MATERIAL PROVIDED ▸
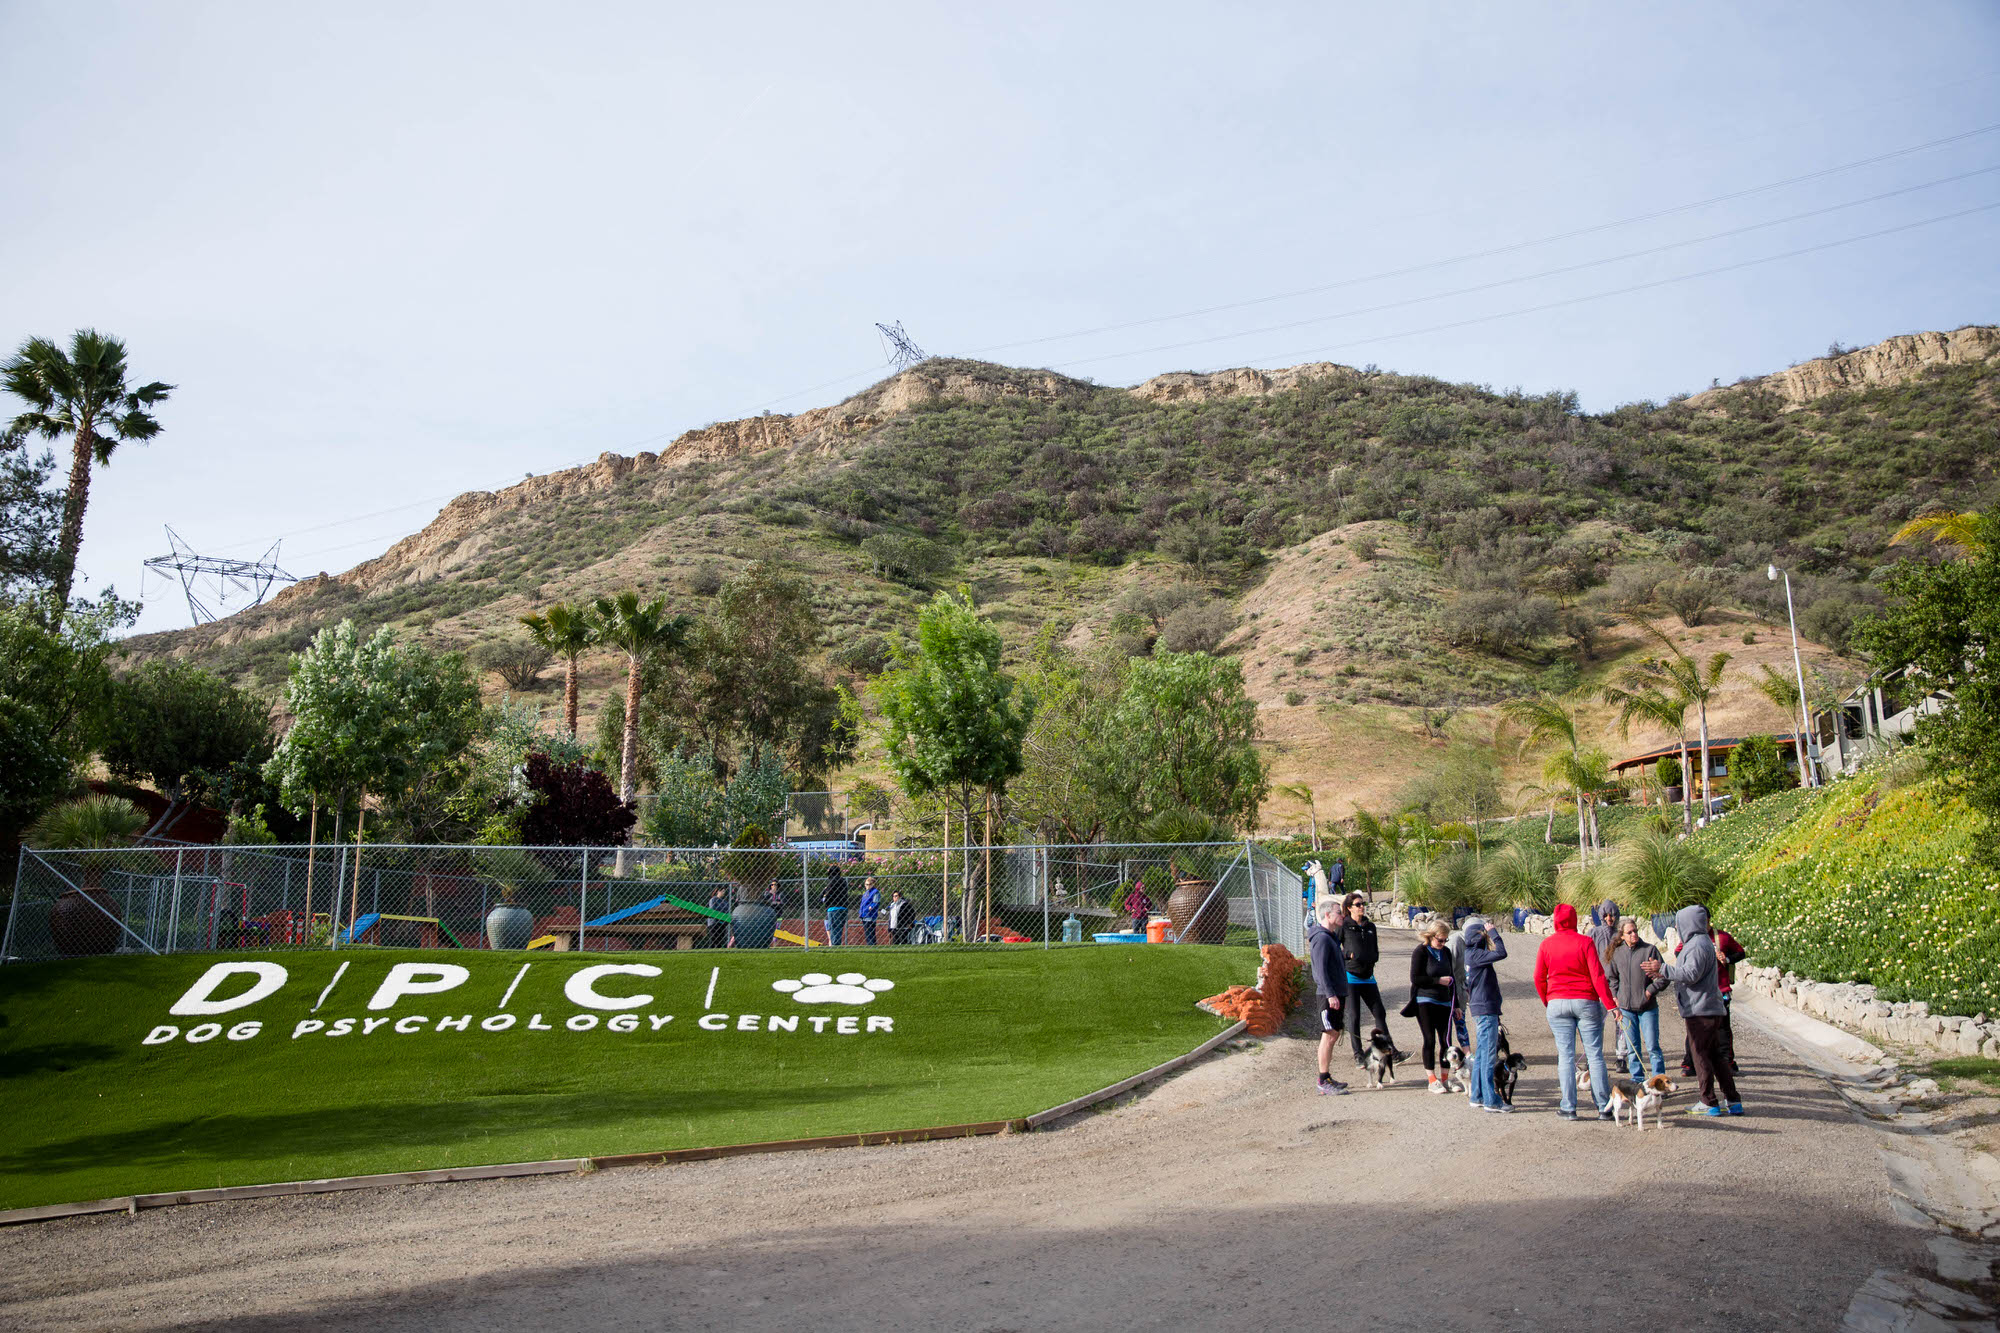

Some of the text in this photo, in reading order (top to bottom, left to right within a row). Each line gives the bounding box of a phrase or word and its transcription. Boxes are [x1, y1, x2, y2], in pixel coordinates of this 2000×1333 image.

[141, 1013, 894, 1045] DOG PSYCHOLOGY CENTER
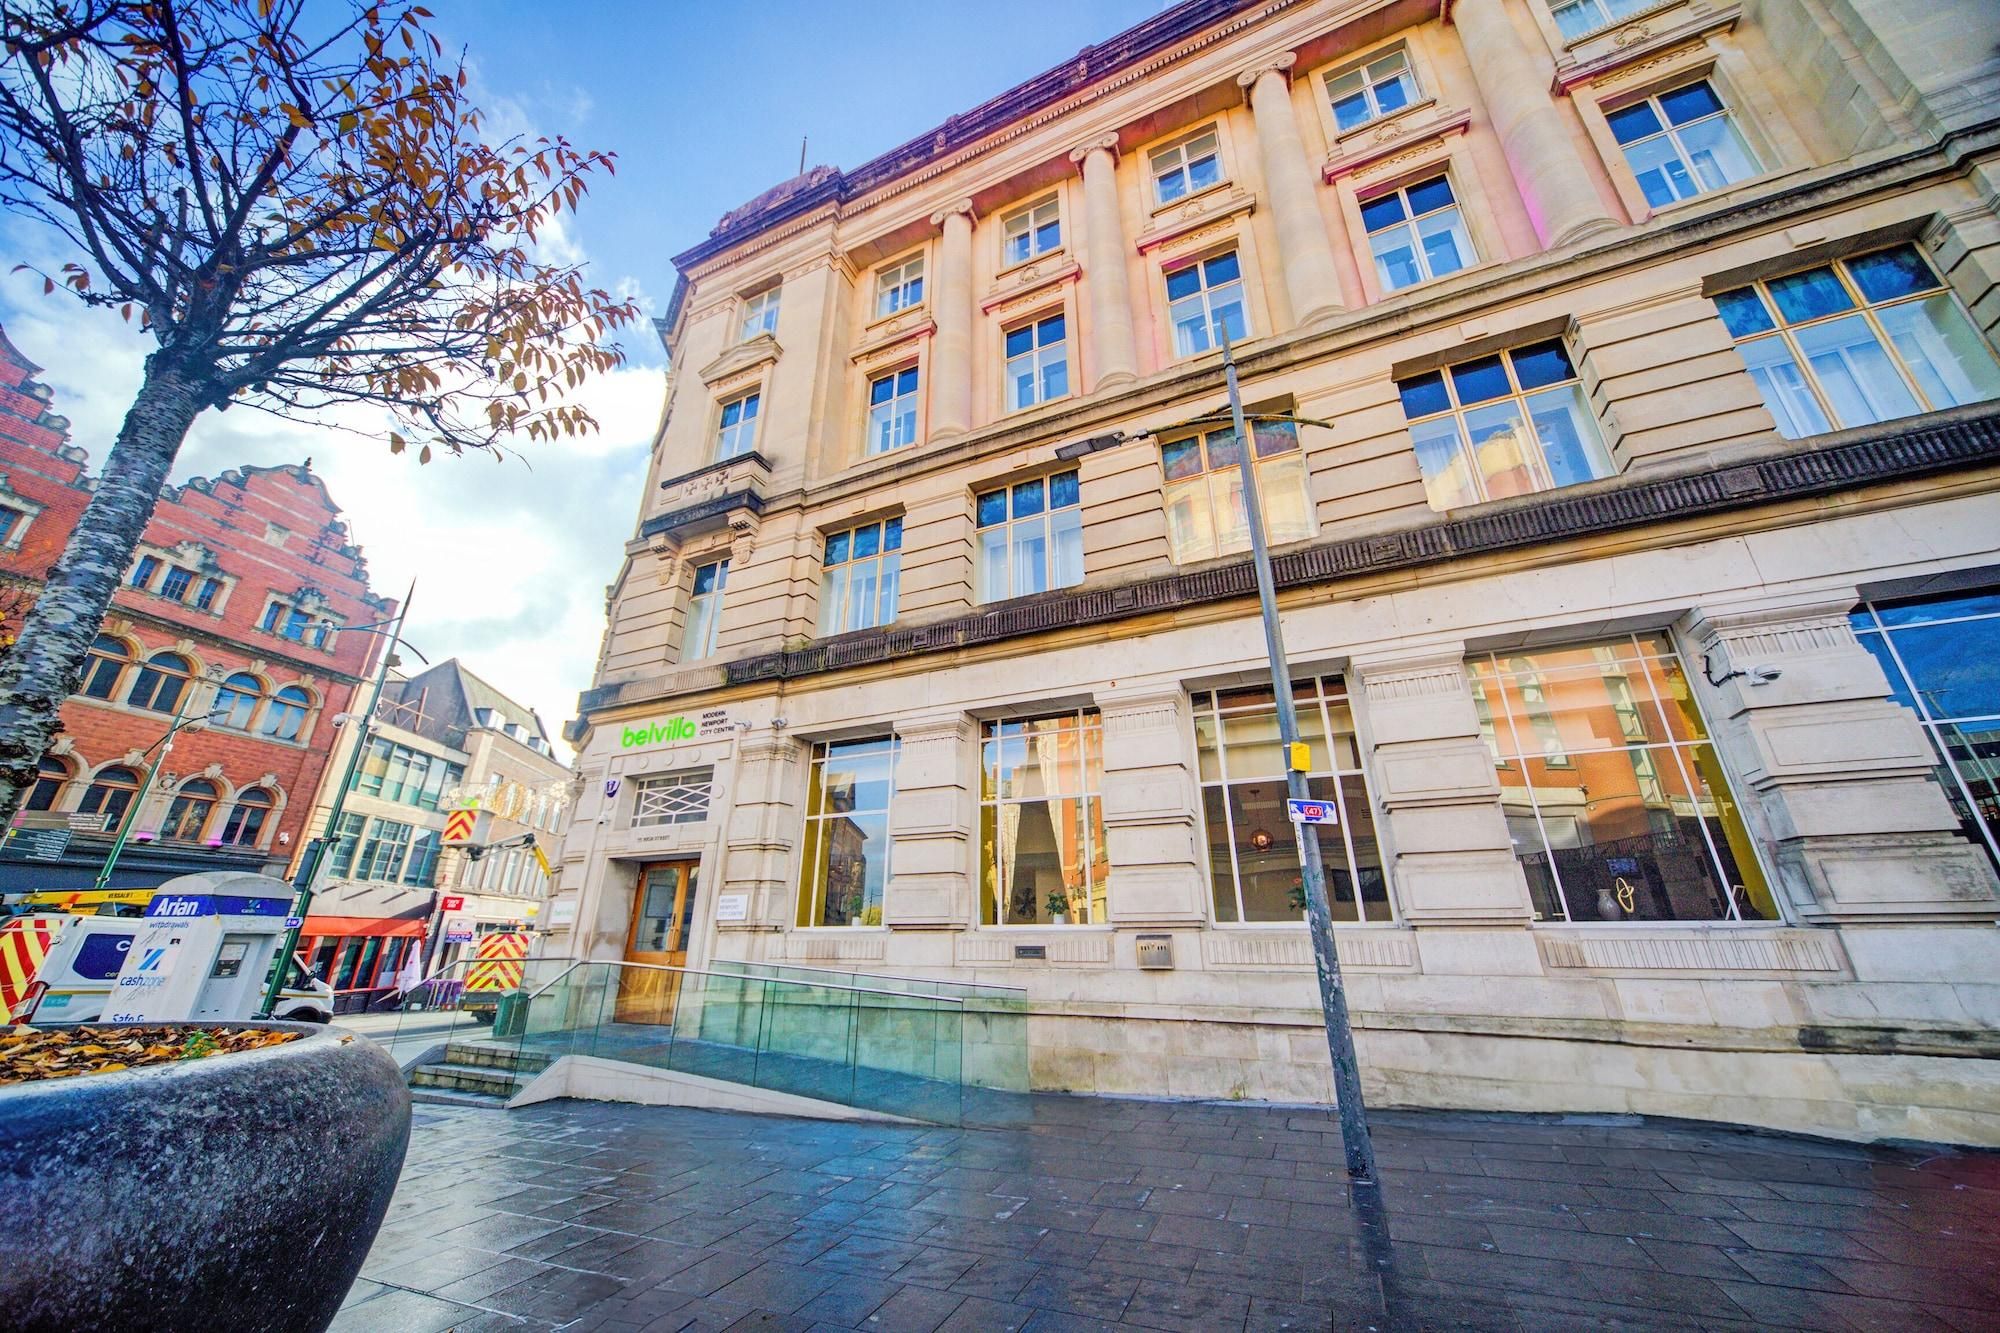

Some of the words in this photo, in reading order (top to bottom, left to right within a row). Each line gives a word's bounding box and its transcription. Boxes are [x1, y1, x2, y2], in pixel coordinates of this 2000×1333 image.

[702, 710, 727, 719] MODERN
[702, 718, 728, 727] NEWPORT
[713, 725, 735, 734] CENTRE
[153, 897, 199, 916] Arian
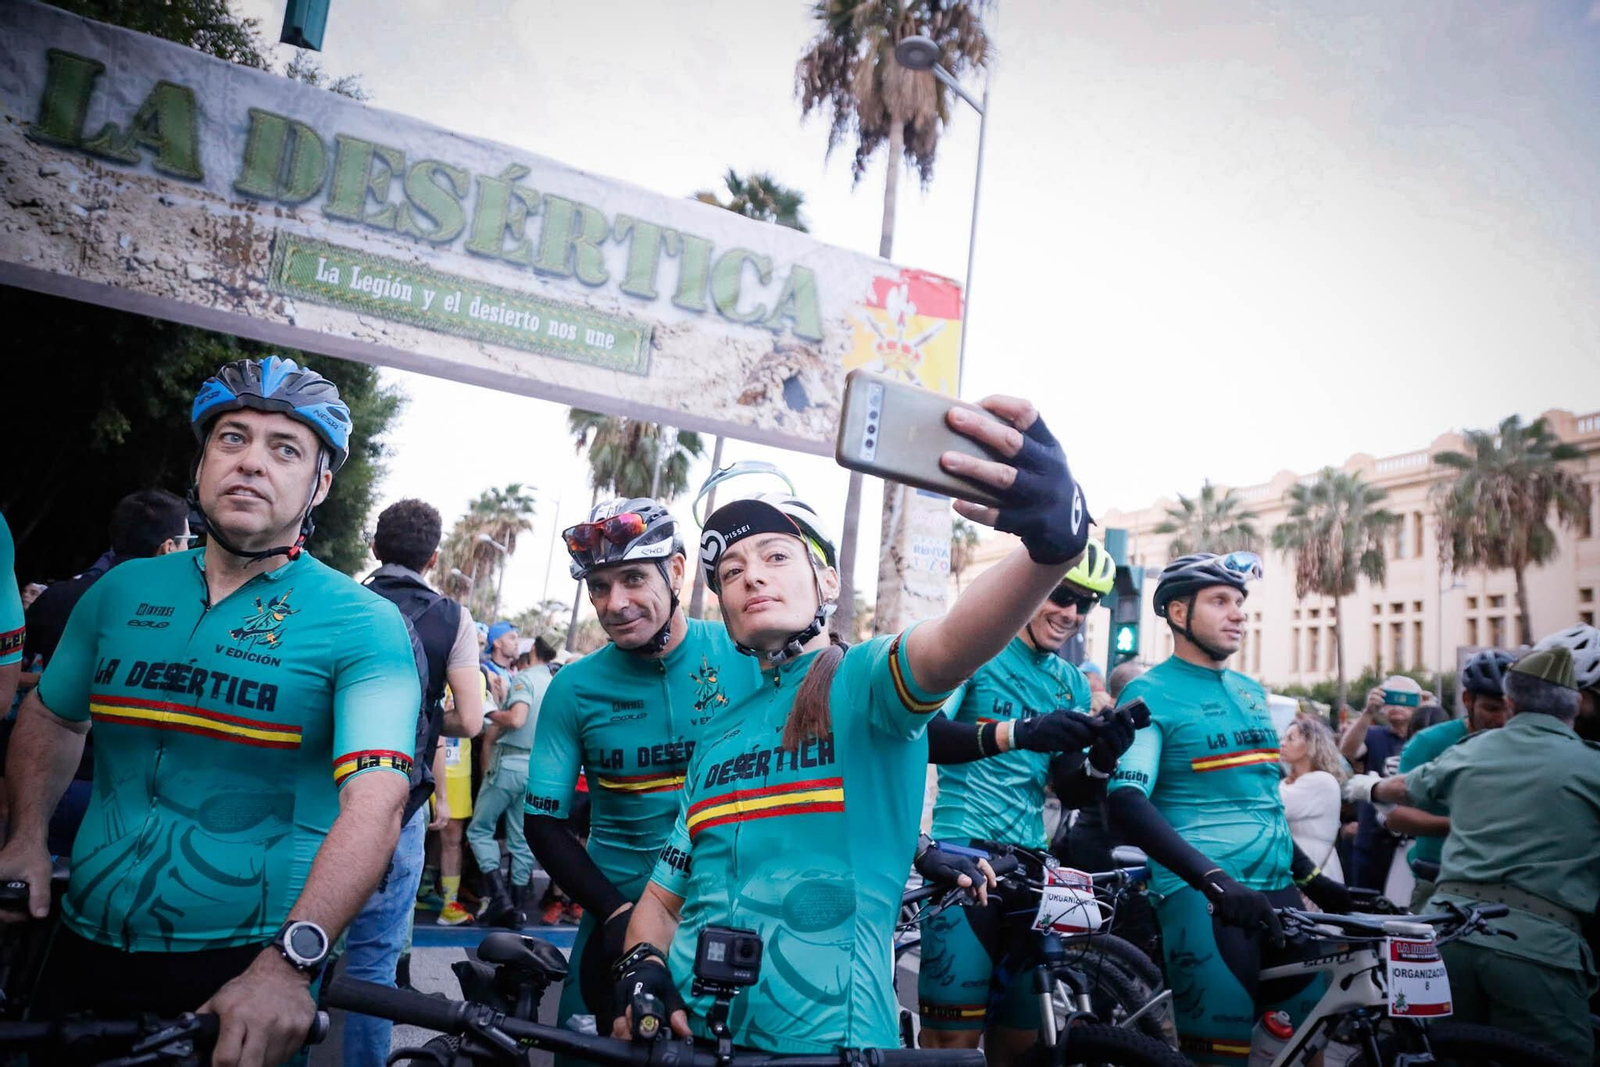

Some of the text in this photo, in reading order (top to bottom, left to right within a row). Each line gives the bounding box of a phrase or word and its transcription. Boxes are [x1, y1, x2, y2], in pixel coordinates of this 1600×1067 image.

[29, 48, 823, 341] LA DESÉRTICA
[316, 257, 615, 350] La Legión y el desierto nos une
[724, 524, 750, 541] PISSEI
[215, 644, 282, 667] V EDICIÓN
[94, 657, 279, 711] LA DESÉRTICA
[993, 698, 1013, 717] LA
[1207, 733, 1228, 750] LA
[600, 749, 624, 769] LA

ASSIGNED TASK ▸
Return all of the lines above without alteration, minus the pictures.

EXERCISE RESULT ▸
Some of the text in this photo, in reading order (top to bottom, left to right within a row). Each line gives the bounding box of a phrase or word and its transcription. Boxes are [x1, y1, x2, y2], in pixel coordinates of this 2000×1333 image.

[141, 1013, 894, 1045] DOG PSYCHOLOGY CENTER

Some of the words in this photo, in reading order (top to bottom, left to right within a row). Each line gives a word's bounding box and its transcription. Boxes are [x1, y1, x2, y2], in pixel coordinates of this 2000×1333 image.

[702, 710, 727, 719] MODERN
[702, 718, 728, 727] NEWPORT
[713, 725, 735, 734] CENTRE
[153, 897, 199, 916] Arian

Some of the text in this photo, in reading order (top to bottom, left to right within a row). Each line gives the bounding box of a phrase or word and its transcription. Boxes are [x1, y1, x2, y2], in pixel coordinates of this 1600×1067 image.

[29, 48, 823, 341] LA DESÉRTICA
[316, 257, 615, 350] La Legión y el desierto nos une
[724, 524, 750, 541] PISSEI
[215, 644, 282, 667] V EDICIÓN
[94, 657, 279, 711] LA DESÉRTICA
[993, 698, 1013, 717] LA
[1207, 733, 1228, 750] LA
[600, 749, 624, 769] LA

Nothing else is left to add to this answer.